**Problem requirements:**
Repeat the records below exactly.

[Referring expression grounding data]
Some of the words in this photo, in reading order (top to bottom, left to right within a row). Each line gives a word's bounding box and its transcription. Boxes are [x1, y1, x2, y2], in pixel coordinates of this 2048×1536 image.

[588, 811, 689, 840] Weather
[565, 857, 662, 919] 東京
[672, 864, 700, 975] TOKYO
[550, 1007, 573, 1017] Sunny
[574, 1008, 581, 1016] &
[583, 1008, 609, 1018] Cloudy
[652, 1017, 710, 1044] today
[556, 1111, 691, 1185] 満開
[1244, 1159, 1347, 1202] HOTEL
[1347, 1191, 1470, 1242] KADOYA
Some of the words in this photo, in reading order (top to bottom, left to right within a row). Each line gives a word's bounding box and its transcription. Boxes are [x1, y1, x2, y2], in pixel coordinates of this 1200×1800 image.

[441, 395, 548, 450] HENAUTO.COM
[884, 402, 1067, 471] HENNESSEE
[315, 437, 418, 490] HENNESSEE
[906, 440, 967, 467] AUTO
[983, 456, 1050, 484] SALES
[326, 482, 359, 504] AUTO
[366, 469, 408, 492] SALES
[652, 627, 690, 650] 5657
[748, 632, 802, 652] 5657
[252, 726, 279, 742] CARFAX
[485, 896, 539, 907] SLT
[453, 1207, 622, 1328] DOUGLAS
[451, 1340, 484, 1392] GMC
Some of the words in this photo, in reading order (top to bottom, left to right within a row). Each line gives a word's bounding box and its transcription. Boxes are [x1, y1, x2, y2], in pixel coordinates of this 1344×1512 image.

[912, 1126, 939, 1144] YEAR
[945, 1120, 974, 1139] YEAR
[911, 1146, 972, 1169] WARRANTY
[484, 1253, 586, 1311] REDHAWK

**Result below:**
Some of the words in this photo, in reading order (top to bottom, left to right within a row). Each line gives a word's bounding box and its transcription. Boxes are [x1, y1, x2, y2], in pixel coordinates of this 2048×1536 image.

[588, 811, 689, 840] Weather
[565, 857, 662, 919] 東京
[672, 864, 700, 975] TOKYO
[550, 1007, 573, 1017] Sunny
[574, 1008, 581, 1016] &
[583, 1008, 609, 1018] Cloudy
[652, 1017, 710, 1044] today
[556, 1111, 691, 1185] 満開
[1244, 1159, 1347, 1202] HOTEL
[1347, 1191, 1470, 1242] KADOYA
Some of the words in this photo, in reading order (top to bottom, left to right within a row). Each line gives a word's bounding box and its transcription. Boxes are [x1, y1, x2, y2], in pixel coordinates of this 1200×1800 image.

[441, 395, 548, 450] HENAUTO.COM
[884, 402, 1067, 471] HENNESSEE
[315, 437, 418, 490] HENNESSEE
[906, 440, 967, 467] AUTO
[983, 456, 1050, 484] SALES
[326, 482, 359, 504] AUTO
[366, 469, 408, 492] SALES
[652, 627, 690, 650] 5657
[748, 632, 802, 652] 5657
[252, 726, 279, 742] CARFAX
[485, 896, 539, 907] SLT
[453, 1207, 622, 1328] DOUGLAS
[451, 1340, 484, 1392] GMC
Some of the words in this photo, in reading order (top to bottom, left to right within a row). Each line gives a word's bounding box and its transcription. Boxes are [x1, y1, x2, y2], in pixel coordinates of this 1344×1512 image.

[912, 1126, 939, 1144] YEAR
[945, 1120, 974, 1139] YEAR
[911, 1146, 972, 1169] WARRANTY
[484, 1253, 586, 1311] REDHAWK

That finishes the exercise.